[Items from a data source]
⁂
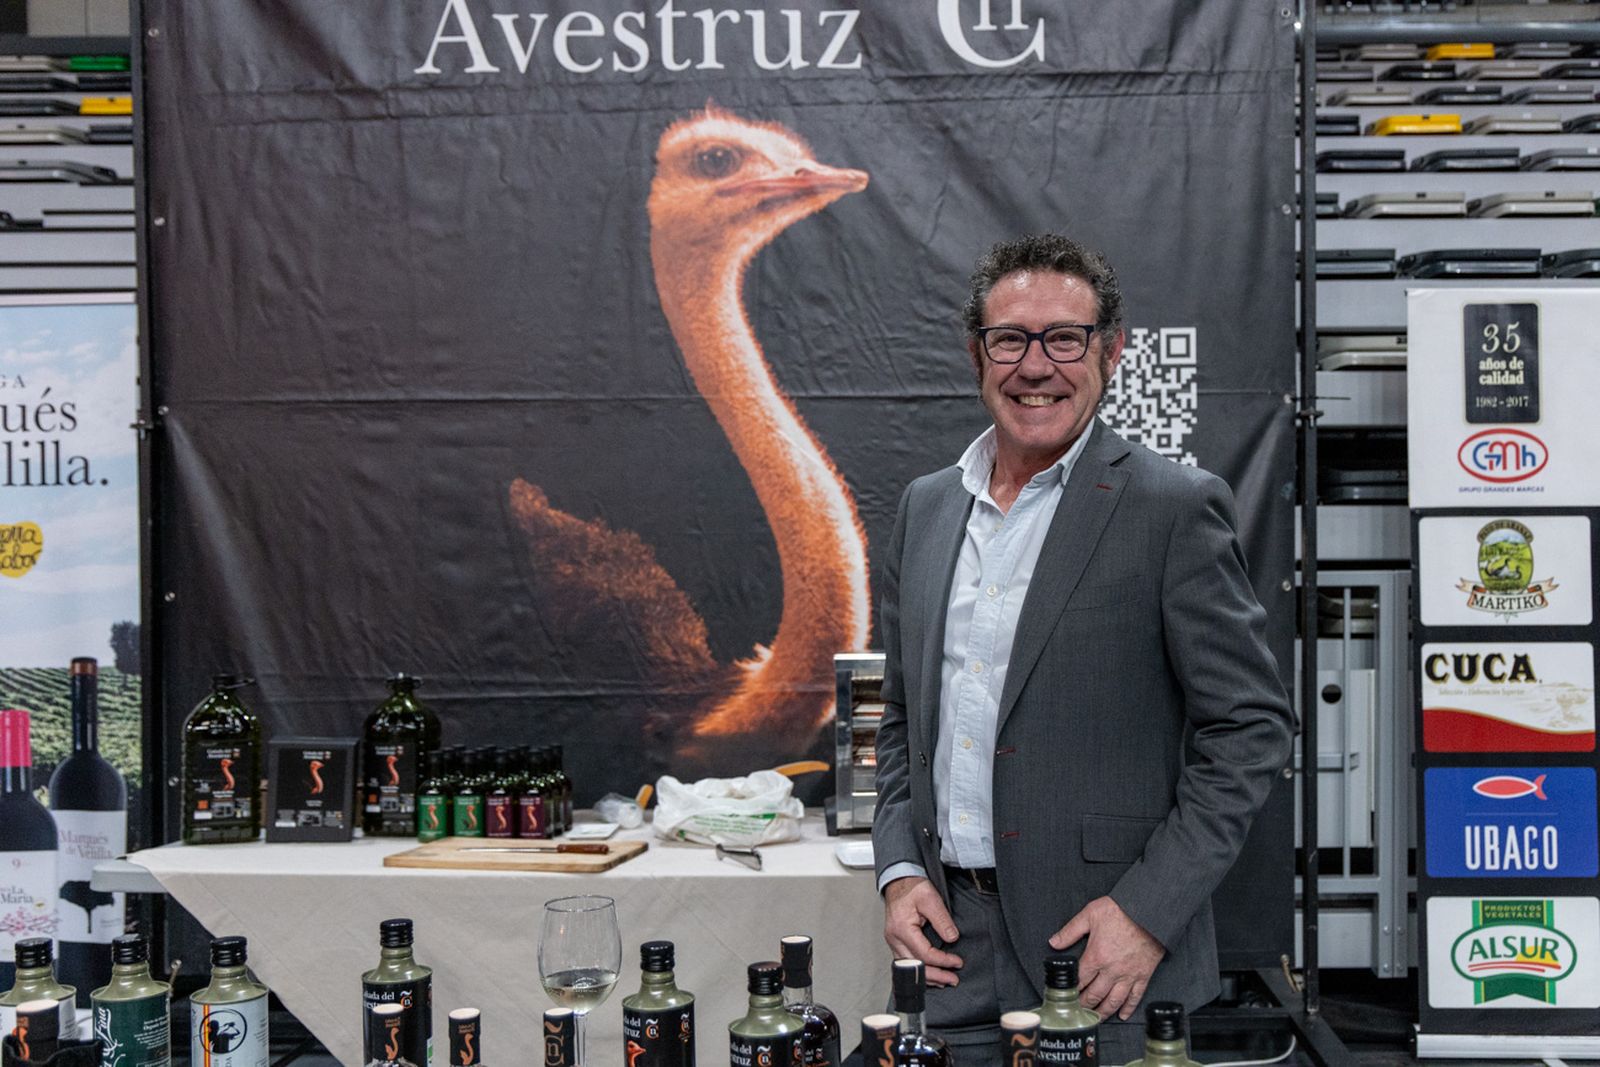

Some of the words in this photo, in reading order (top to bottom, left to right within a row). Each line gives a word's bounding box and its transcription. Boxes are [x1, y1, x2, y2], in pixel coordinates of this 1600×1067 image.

[415, 0, 863, 75] Avestruz
[1482, 322, 1521, 354] 35
[1478, 357, 1507, 371] años
[1509, 356, 1525, 370] de
[1478, 371, 1525, 385] calidad
[1475, 396, 1497, 409] 1982
[1506, 396, 1530, 409] 2017
[2, 440, 109, 487] lilla.
[1472, 593, 1546, 611] MARTIKO
[1464, 825, 1559, 871] UBAGO
[1484, 904, 1542, 912] PRODUCTOS
[1469, 935, 1560, 962] ALSUR
[1067, 1038, 1082, 1049] del
⁂
Down to the last line, return the entries above exactly, with no pictures.

# Result of this exercise
Some of the words in this photo, in reading order (top to bottom, left to right within a row). Each line gives a word's bounding box and its transcription. Boxes are [x1, y1, x2, y2], in pixel coordinates of this 1600×1067 image.

[415, 0, 863, 75] Avestruz
[1482, 322, 1521, 354] 35
[1478, 357, 1507, 371] años
[1509, 356, 1525, 370] de
[1478, 371, 1525, 385] calidad
[1475, 396, 1497, 409] 1982
[1506, 396, 1530, 409] 2017
[2, 440, 109, 487] lilla.
[1472, 593, 1546, 611] MARTIKO
[1464, 825, 1559, 871] UBAGO
[1484, 904, 1542, 912] PRODUCTOS
[1469, 935, 1560, 962] ALSUR
[1067, 1038, 1082, 1049] del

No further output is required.